• Instructions for the task
Keep the images out while you set down the data exactly.

═════ Extracted information

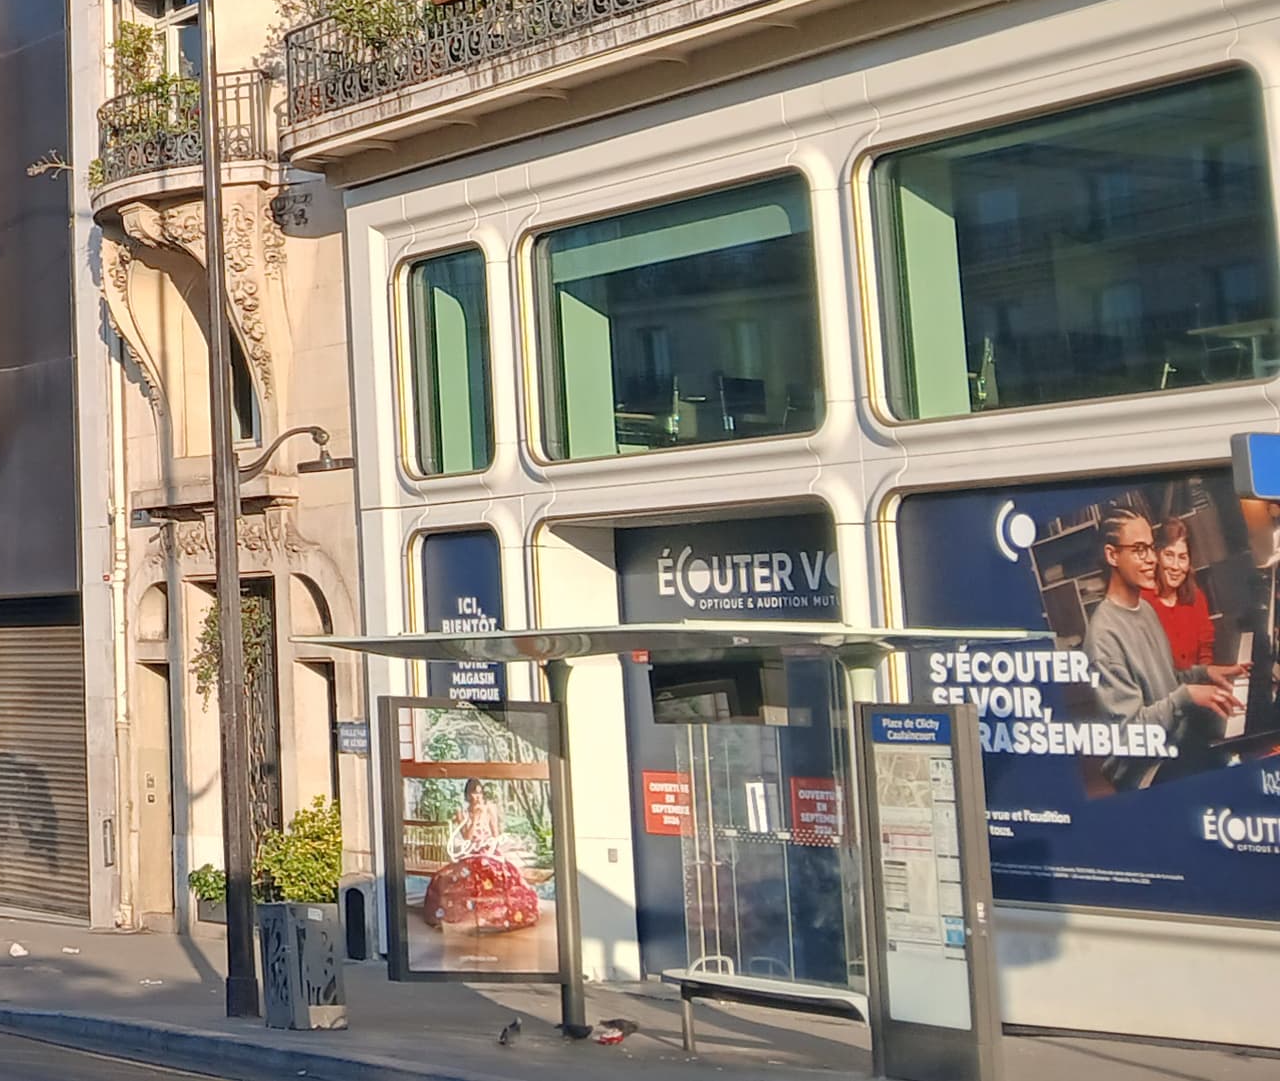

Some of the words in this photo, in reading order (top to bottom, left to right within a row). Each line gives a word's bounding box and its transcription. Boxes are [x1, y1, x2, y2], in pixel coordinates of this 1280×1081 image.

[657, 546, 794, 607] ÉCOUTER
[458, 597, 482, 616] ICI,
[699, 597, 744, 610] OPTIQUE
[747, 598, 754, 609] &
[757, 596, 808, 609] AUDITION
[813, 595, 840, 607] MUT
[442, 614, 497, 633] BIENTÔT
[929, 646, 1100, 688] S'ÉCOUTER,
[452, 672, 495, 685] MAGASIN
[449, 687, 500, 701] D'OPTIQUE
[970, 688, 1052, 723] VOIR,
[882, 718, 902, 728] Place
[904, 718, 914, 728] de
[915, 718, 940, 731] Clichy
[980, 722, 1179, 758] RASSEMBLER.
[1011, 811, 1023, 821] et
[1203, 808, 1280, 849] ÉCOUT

══════════

• Task solution
Some of the words in this photo, in reading order (top to bottom, left to right within a row). Each line gives a word's bounding box and its transcription. Boxes are [x1, y1, x2, y2], in pixel coordinates of this 1280×1081 image.

[657, 546, 794, 607] ÉCOUTER
[458, 597, 482, 616] ICI,
[699, 597, 744, 610] OPTIQUE
[747, 598, 754, 609] &
[757, 596, 808, 609] AUDITION
[813, 595, 840, 607] MUT
[442, 614, 497, 633] BIENTÔT
[929, 646, 1100, 688] S'ÉCOUTER,
[452, 672, 495, 685] MAGASIN
[449, 687, 500, 701] D'OPTIQUE
[970, 688, 1052, 723] VOIR,
[882, 718, 902, 728] Place
[904, 718, 914, 728] de
[915, 718, 940, 731] Clichy
[980, 722, 1179, 758] RASSEMBLER.
[1011, 811, 1023, 821] et
[1203, 808, 1280, 849] ÉCOUT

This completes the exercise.